Victoria Hutchins is living proof that you can pivot. You don't have to stay in the box you built for yourself when you were 22. Her work with brands like Lululemon and Ulta shows that even the "big" world is starting to value this kind of softness over the old-school hustle culture.

If you’re struggling to "stick around" or just feel like your soul is tired, her work is a pretty good place to start. It’s not about pretending everything is perfect. It’s about making believe that things can get better until they actually do.

To really get the most out of this approach, try picking up a copy of the book and reading it while outside.

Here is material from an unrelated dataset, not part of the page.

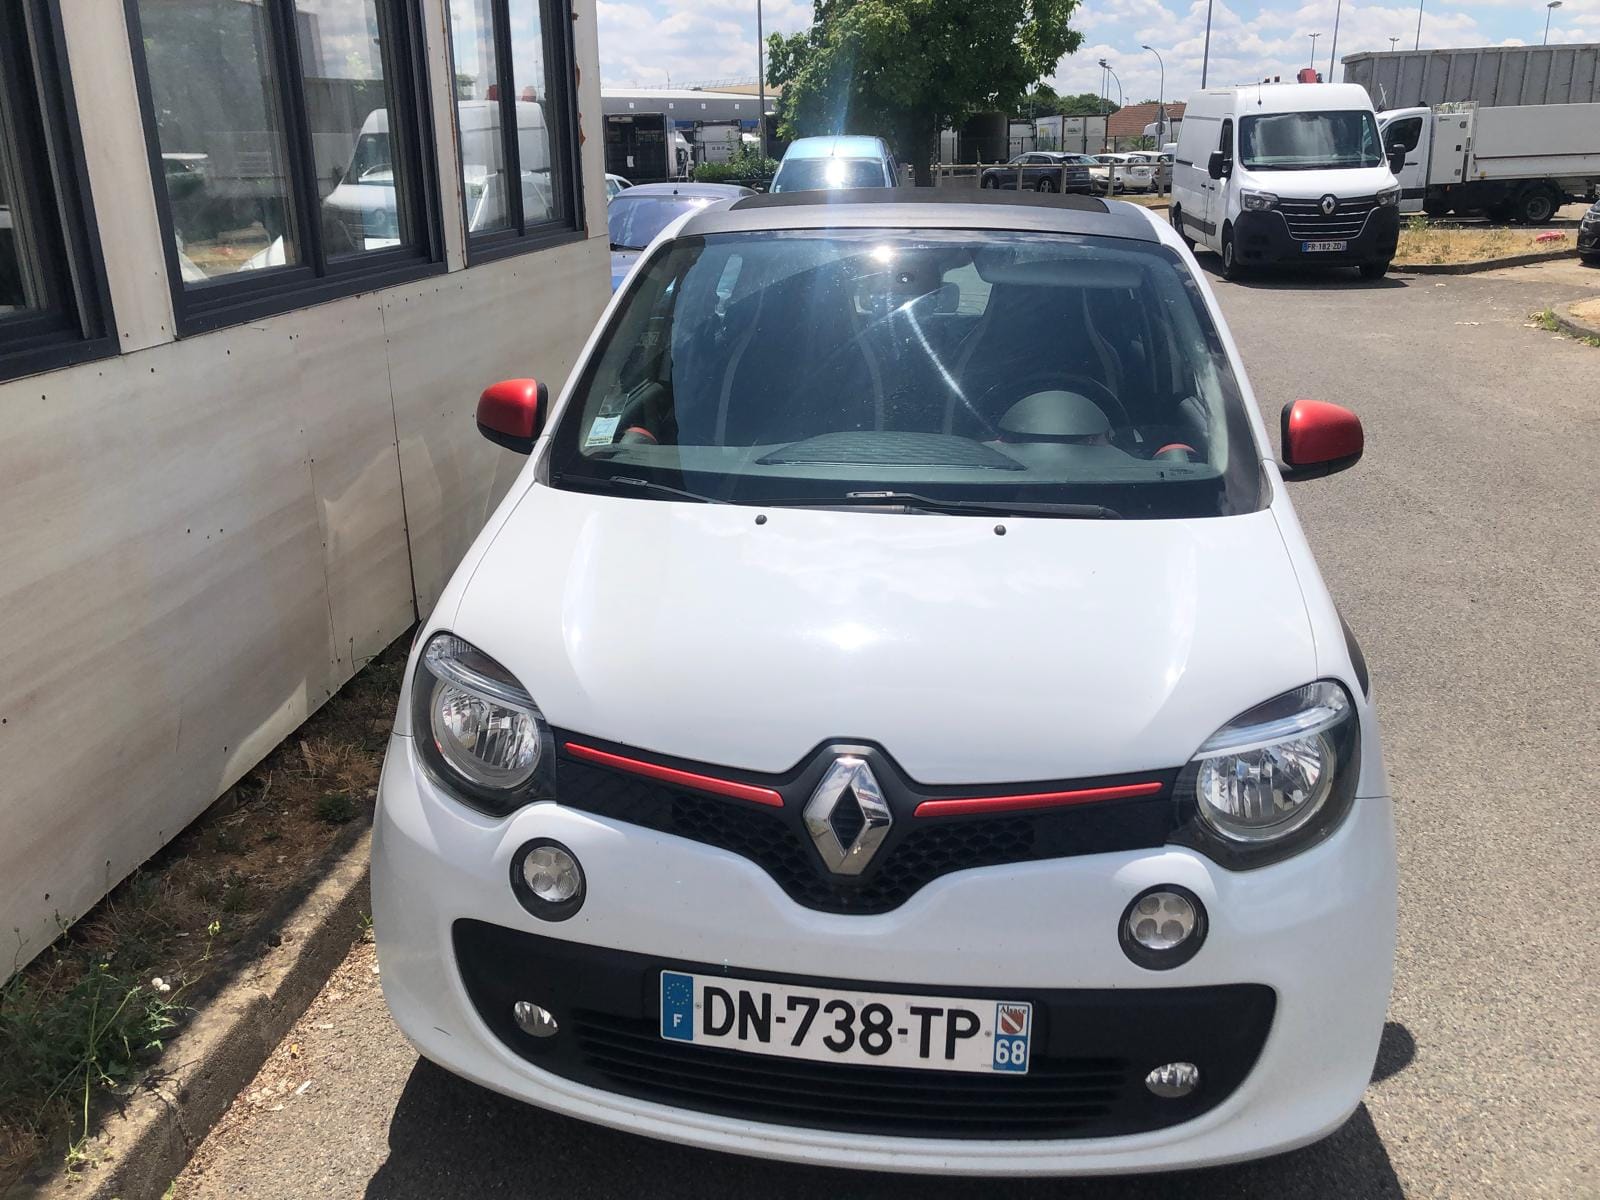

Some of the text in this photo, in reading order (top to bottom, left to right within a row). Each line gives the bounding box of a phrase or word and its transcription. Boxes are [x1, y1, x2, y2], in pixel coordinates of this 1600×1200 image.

[1000, 1005, 1027, 1014] Alsace
[673, 1013, 683, 1028] F
[703, 985, 980, 1060] DN-738-TP
[995, 1038, 1025, 1065] 68

No phone. No distractions. Just you and the "beautiful chaos" she writes about. You might find that the version of yourself you’ve been looking for is just waiting for you to stop being so serious.


Next Steps for Your Journey

  • Audit Your Inner Dialogue: Take five minutes tonight to write down one thing you loved doing as a ten-year-old. Figure out how to do a version of that this weekend.
  • Practice Mindful Movement: Follow a "Daily Victorian" yoga flow (often found on her TikTok) specifically focusing on the breath rather than the pose's perfection.
  • Read "Make Believe" Chronologically: The five sections (Wonder, Body, Hope, Love, Heaven) are designed as a progression. Don't skip around; let the narrative of reclamation build naturally.